Saved entries
* * * *
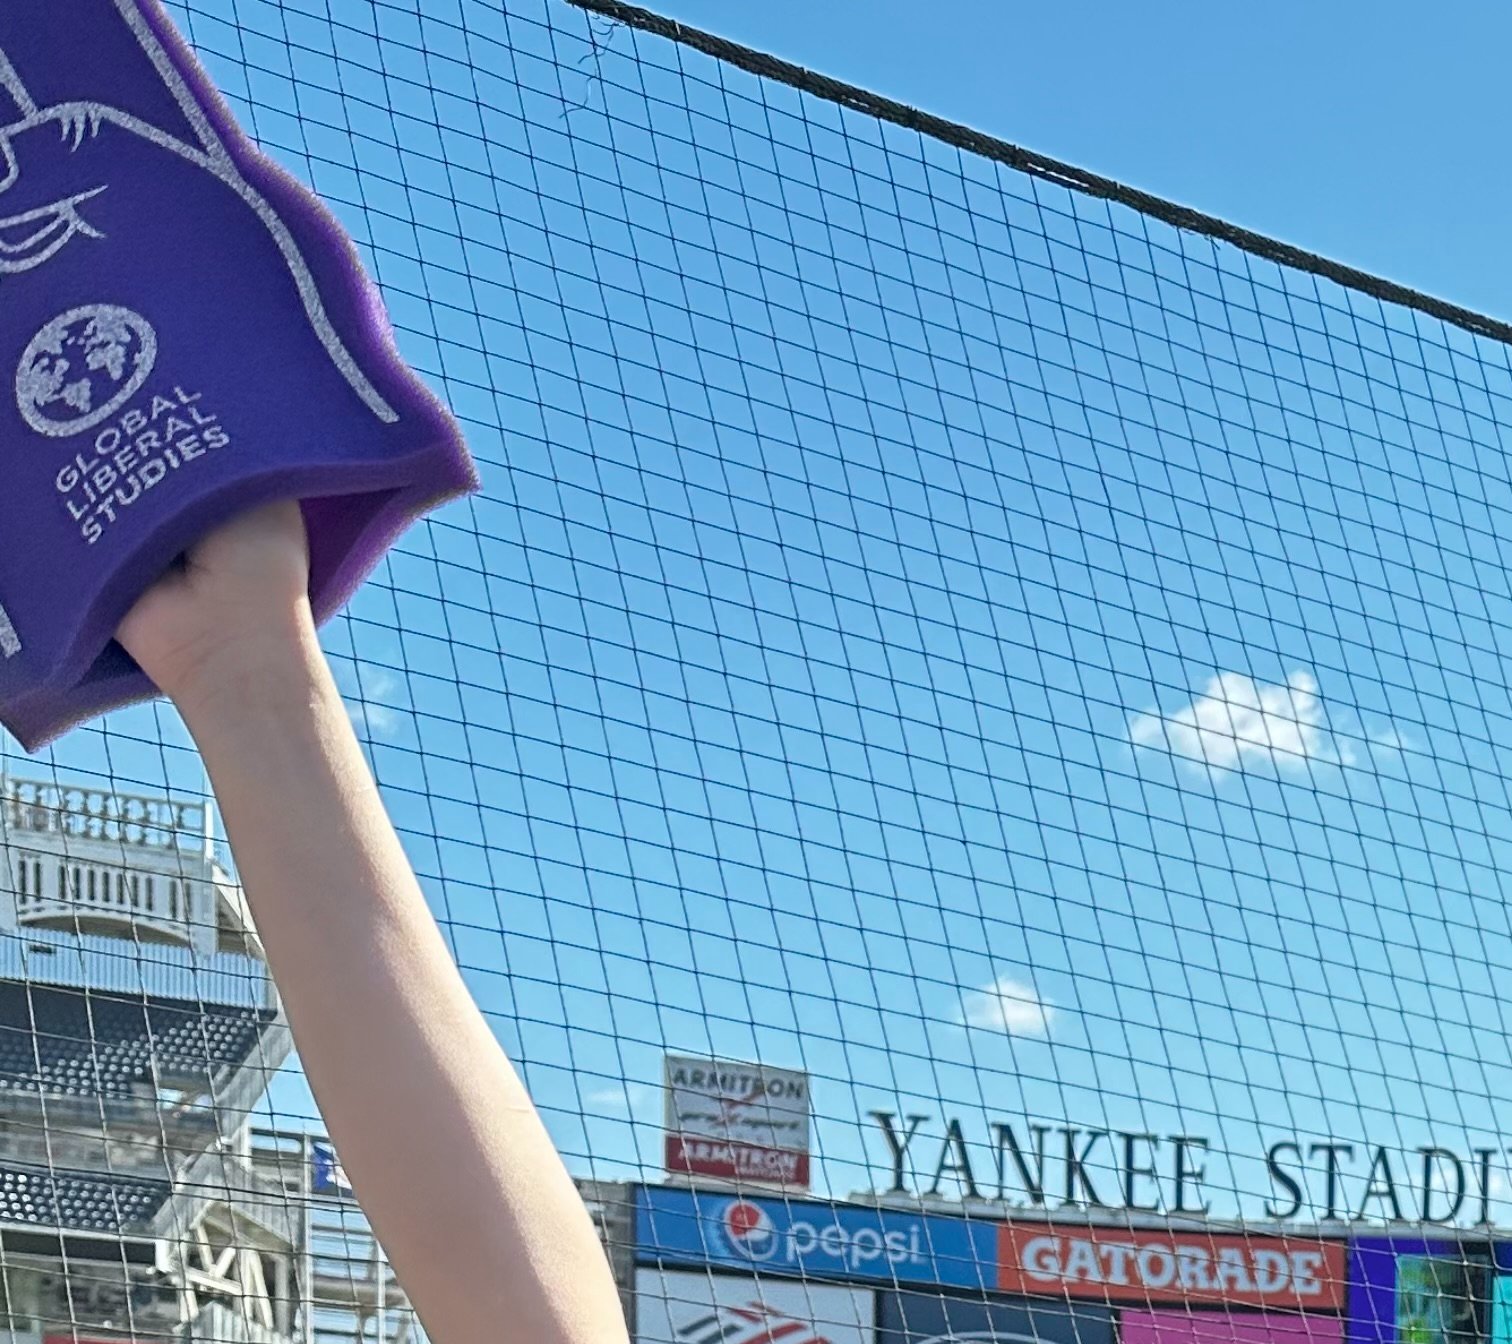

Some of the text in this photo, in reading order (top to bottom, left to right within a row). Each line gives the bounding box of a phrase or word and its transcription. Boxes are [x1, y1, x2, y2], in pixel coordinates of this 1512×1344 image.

[56, 386, 202, 492] GLOBAL
[66, 406, 217, 520] LIBERAL
[82, 425, 230, 544] STUDIES
[672, 1068, 804, 1099] ARMITRON
[867, 1110, 1212, 1214] YANKEE
[785, 1219, 926, 1268] pepsi
[1021, 1236, 1324, 1296] GATORADE
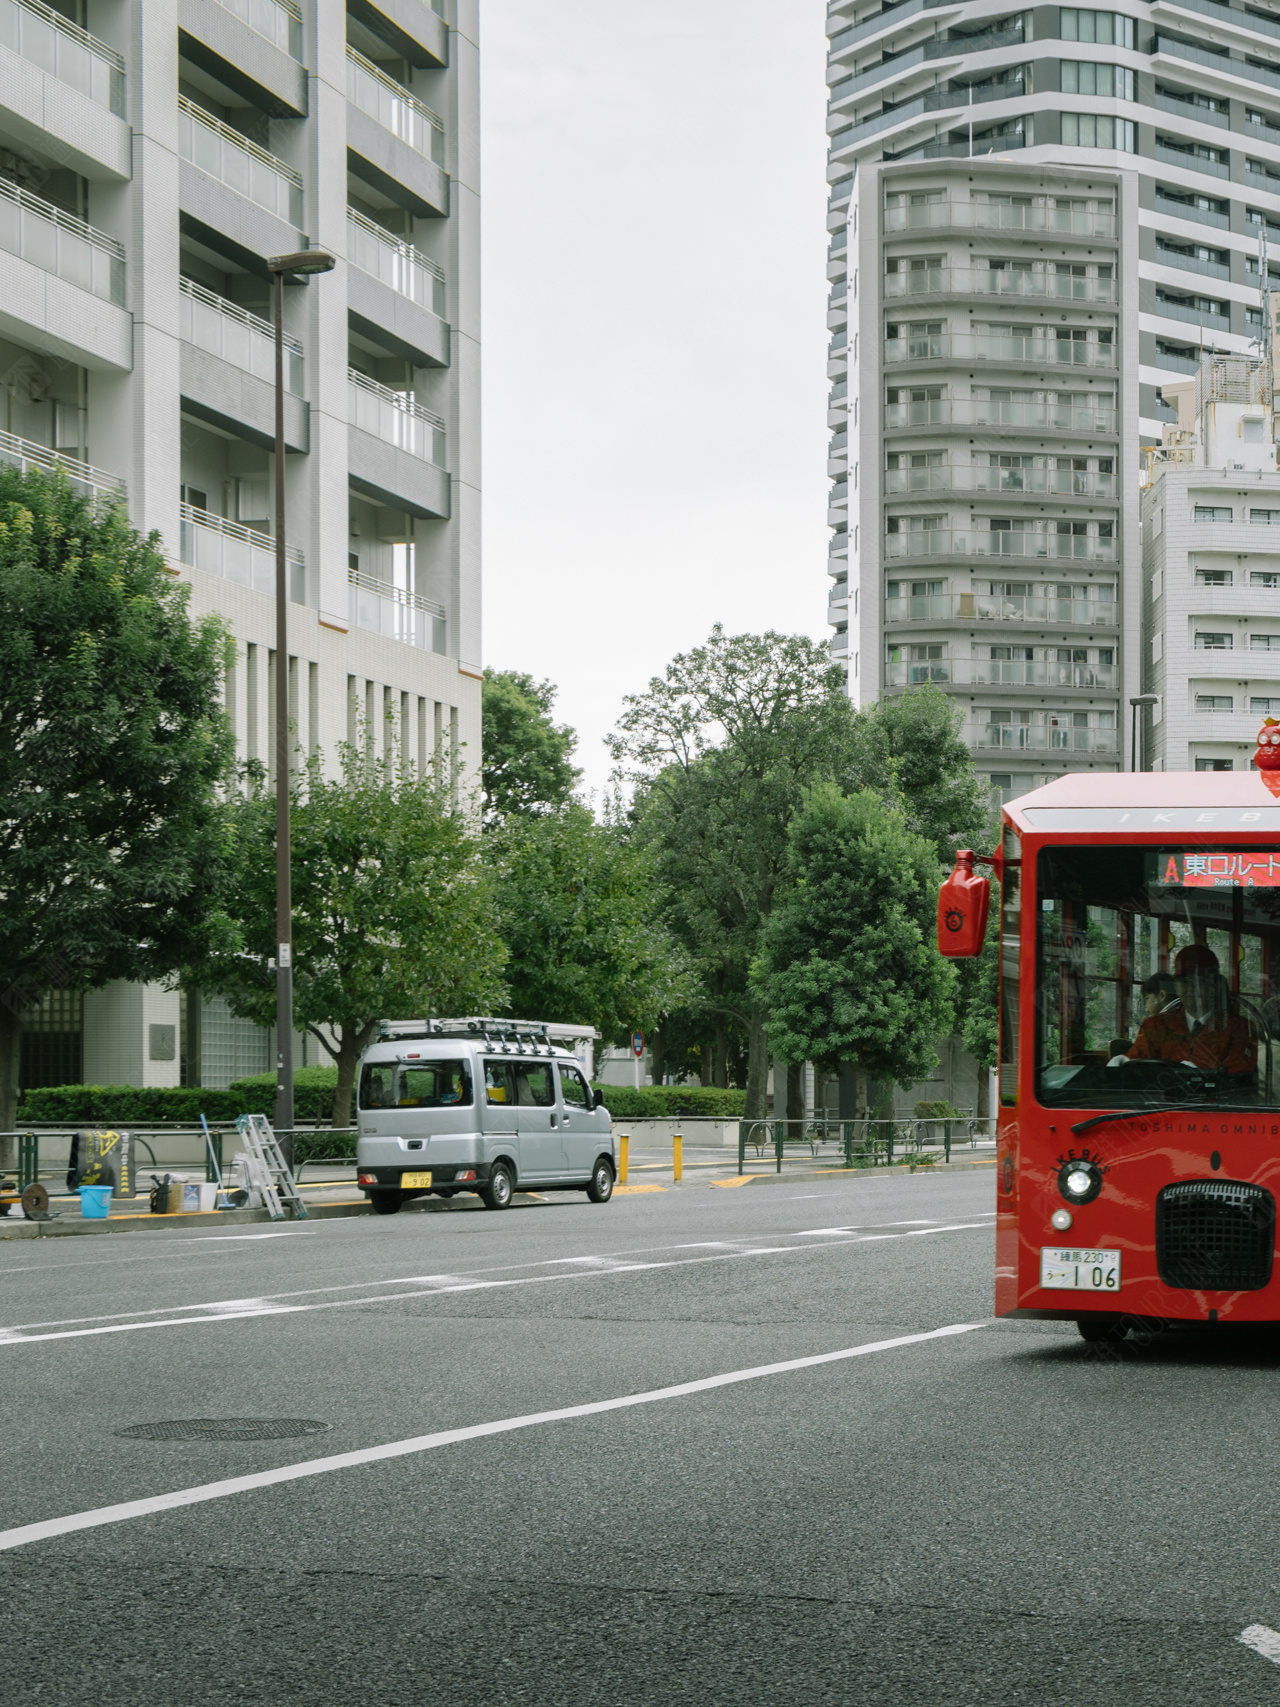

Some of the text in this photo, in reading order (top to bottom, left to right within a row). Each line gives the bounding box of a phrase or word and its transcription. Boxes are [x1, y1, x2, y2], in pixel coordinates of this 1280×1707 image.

[1164, 855, 1180, 883] A
[1214, 877, 1254, 886] Route A
[1129, 1122, 1210, 1134] TOSHIMA
[1084, 1252, 1104, 1264] 230
* * * *
• The problem:
Exactly the lines from the one containing "this 1280×1707 image." to the final line of the data, both included, should be printed, and nothing more.

• Answer for this exercise:
Some of the text in this photo, in reading order (top to bottom, left to right within a row). Each line gives the bounding box of a phrase or word and its transcription. Boxes are [x1, y1, x2, y2], in pixel coordinates of this 1280×1707 image.

[1164, 855, 1180, 883] A
[1214, 877, 1254, 886] Route A
[1129, 1122, 1210, 1134] TOSHIMA
[1084, 1252, 1104, 1264] 230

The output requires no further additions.